The ‘Bullet’ survives bankruptcy
A bottom-dump design widely used in the West and elsewhere is the Beall Bullet, fashioned of aluminum sheeting and interior bracing that is aerodynamic in performance. Beall, the company, is now in bankruptcy and liquidating its assets, but the Bullet survives and will be produced by a new owner.
Bullet operations, including a plant in Sunnyside, Wash., have been bought by ShirAul LLC, of Scotts Bluff, Neb. Lanny Lucara, vice president of sales and marketing at Aulick Leasing, a ShirAul arm in Billings, Mont., said the acquisition was effective January 7.

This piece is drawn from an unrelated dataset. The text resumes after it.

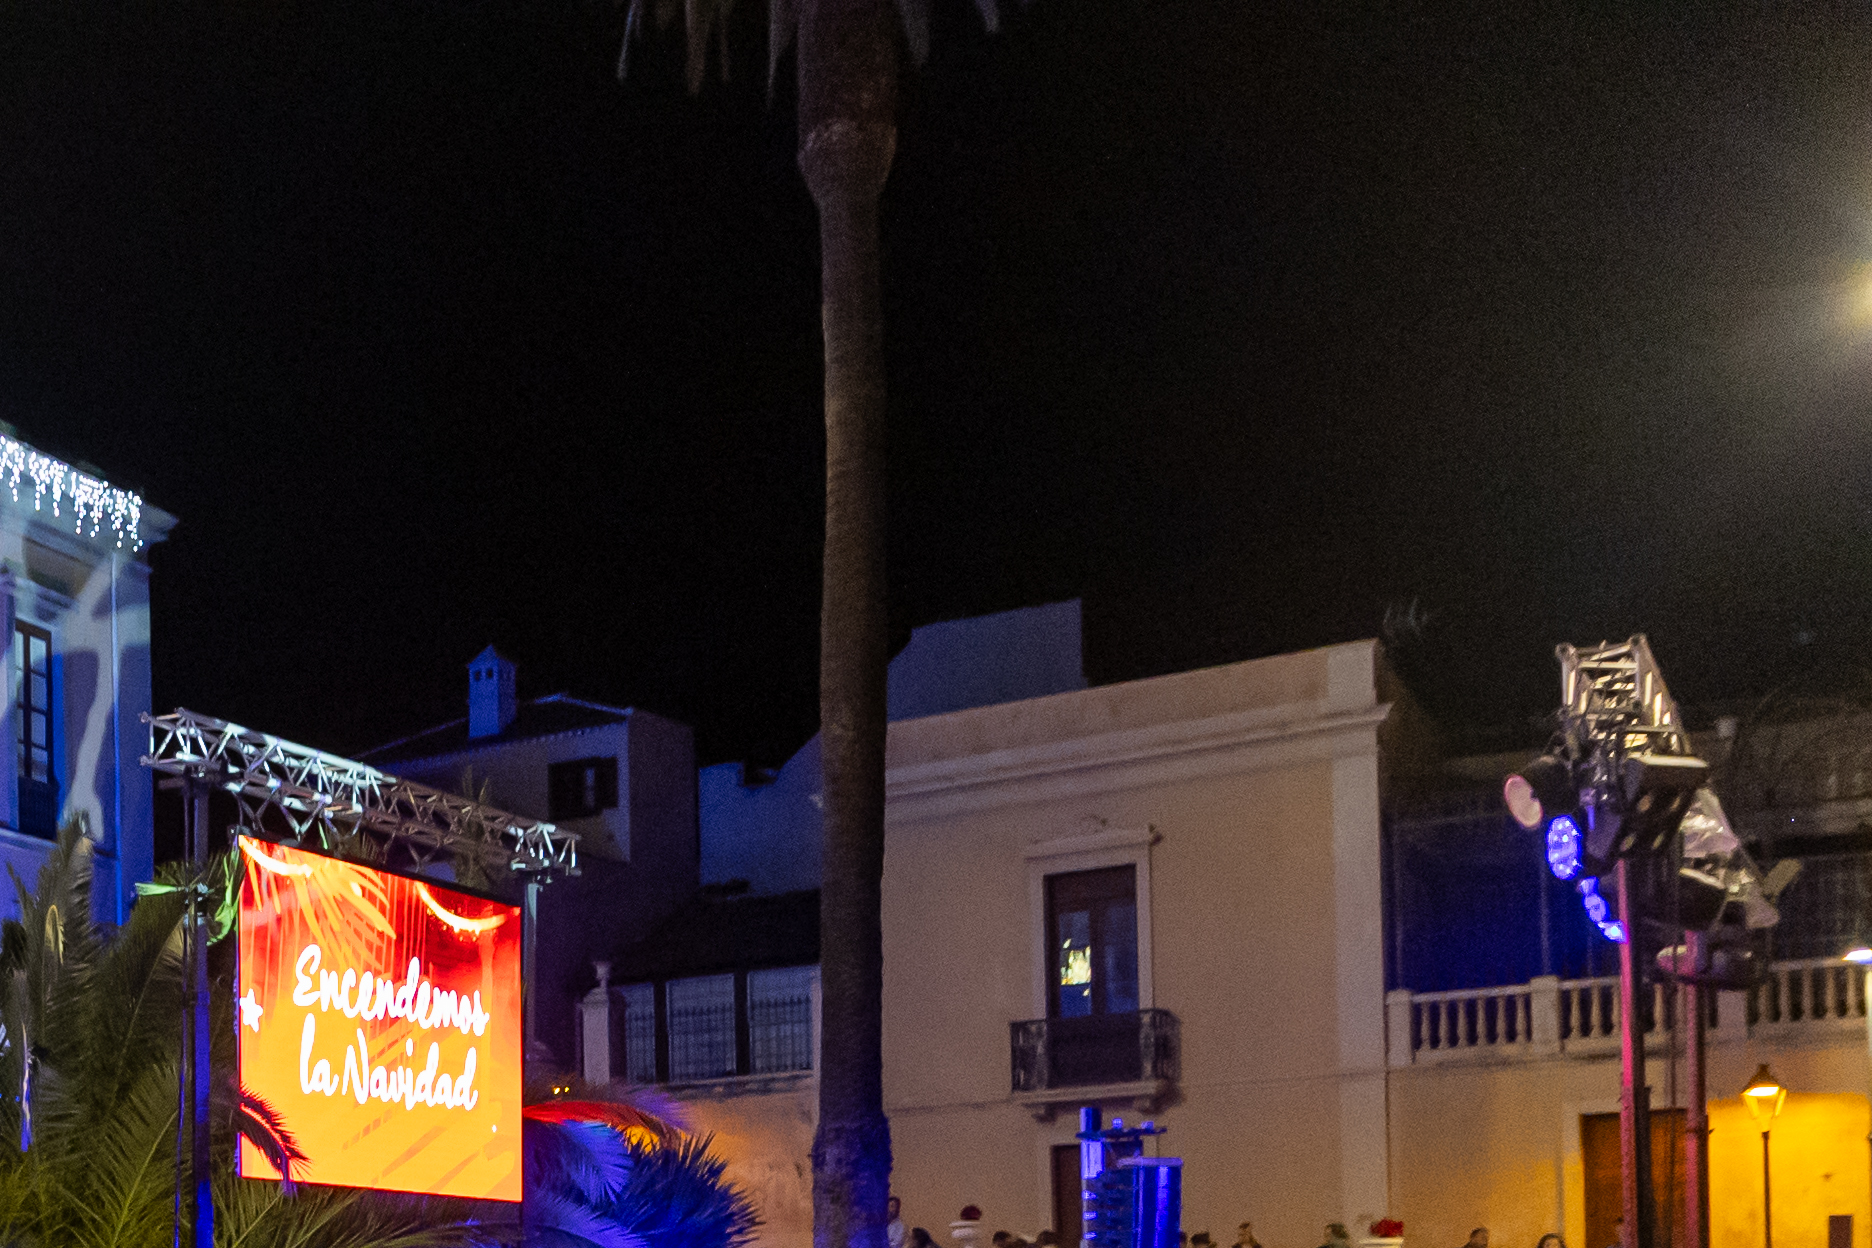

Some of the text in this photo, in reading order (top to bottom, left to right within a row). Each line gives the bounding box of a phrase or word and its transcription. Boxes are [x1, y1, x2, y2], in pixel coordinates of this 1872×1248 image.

[292, 943, 491, 1037] Encendemos
[299, 1012, 479, 1112] la Navidad

“We acquired a backlog of orders, and in this last month we've taken some additional orders,” he said in mid-February. “Some demand was out there, kind of on hold, while customers were waiting to see what happened with Beall.”
With the acquisition, production continues. The Bullet is offered with numerous axle configurations and capacities for use in various states, with double-trailer combinations grossing up to 140,000 pounds, Lancara said.
The Bullet's aero design saves fuel because the trailer is easier to pull, Lancara said, but Beall couldn't use “aerodynamic” in its claims since a competitor complained in 2007. Beall never tested the trailer, but some customers reported 10% to 14% better fuel economy with it.
Beall, based in Portland, Ore., meanwhile sold off other businesses as part of the bankruptcy. Its tank trailer operations went to Wabash National through Wabash's recently acquired Walker Group, another tank-trailer and body manufacturer. And Beall's widespread parts and service business went to Polar Corp. Those two transactions were announced in January by Polar and Wabash.